Invoice discounting is far more compelling for smaller suppliers who are more likely to have occasional short-term cash flow issues and are looking to improve the speed and efficiency of their collections and decrease their Days Sales Outstanding. But, your invoice discount offers are likely never reaching these smaller suppliers because they’re not participating in your e-invoicing program. This supplier adoption problem leaves big money on the table.

 

Casting a wider net

To achieve the greatest success, your invoice discounting program has to be able to reach small suppliers. Of the hundreds of millions of suppliers in the world, 90 percent are small and medium-sized businesses with 500 or fewer employees—and for most companies, these small suppliers make up around 80 percent of their supply chain. It stands to reason that at any given time, some of them probably have liquidity issues such that they’ll be highly motivated to accept an accelerated payment discount offer—if only they knew about it. But only a fraction of them participate in e-invoicing. Ironically, these are the very suppliers that are usually ignored because the effort to enable them for electronic invoicing is considered to be greater than the benefit. 

cash-on-table-diagram2

 

You can’t run this kind of program with manual, paper-based processing. You have no way of knowing or predicting which suppliers might be having cash flow issues. They probably aren’t going to come to you and it’s not feasible for AP to reach out to them all. And time is of the essence. If they’re sending you paper invoices, by the time their paper invoice gets to your desk, you've already lost a week. Faster payment discount offers have a very short shelf life.

 

The only way to make this program work is to cast a wider net, so your discount offer can reach the suppliers that need it most. That means making your electronic system accessible to as many suppliers as possible, not just the large suppliers willing to go through an enablement process to join an invoicing network.

 

A Catch-22 for suppliers

AP simply doesn’t have time to spend on enablement campaigns for all these small suppliers, and it’s a hard sell anyway. These suppliers don’t do the kind of volume that makes that effort scalable. Asking them to incur labor costs and maybe even pay a fee to join and use an invoicing network hurts their cash flow, and cash flow is the very reason why they’d be willing to give you a discount in the first place. It’s a Catch-22.

 

You have to give them alternate ways to invoice you electronically, such as invoicing portals that they can use for free, or even better, the ability to take an emailed purchase order and convert it to an e-invoice through a smart email without even having to register. Only a small fraction of the world’s 200+ million suppliers participate in invoicing supplier networks, but everyone uses email.

 

The conventional wisdom is that supplier enablement is an 80/20/80 proposition—80 percent of the benefit is going to come from enabling the 20 percent of suppliers who account for 80 percent of your spending. It’s long been thought to be too laborious to enable the remaining 80 percent of suppliers, but new technology allows suppliers to participate with minimum to no enablement effort.
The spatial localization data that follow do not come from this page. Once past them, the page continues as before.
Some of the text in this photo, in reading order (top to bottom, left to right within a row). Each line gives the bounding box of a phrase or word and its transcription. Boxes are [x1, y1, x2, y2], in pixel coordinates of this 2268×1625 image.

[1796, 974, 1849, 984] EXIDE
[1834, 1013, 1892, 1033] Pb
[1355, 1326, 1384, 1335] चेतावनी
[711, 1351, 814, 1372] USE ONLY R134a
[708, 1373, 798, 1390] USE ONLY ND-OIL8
                                                                                                        

Treasury must look at every avenue to optimize cash, and that means thinking differently about technology and supplier participation. If your e-invoicing system only works with your largest suppliers, you’re missing the chance to optimize your own cash flow while also helping suppliers with cash flow difficulties the help to meet their short-term obligations.

 

By using new technology to increase e-invoicing participation, you have the ability to extend discount offers to enough suppliers that a meaningful number of the right suppliers will see them and take them, creating a win for everyone.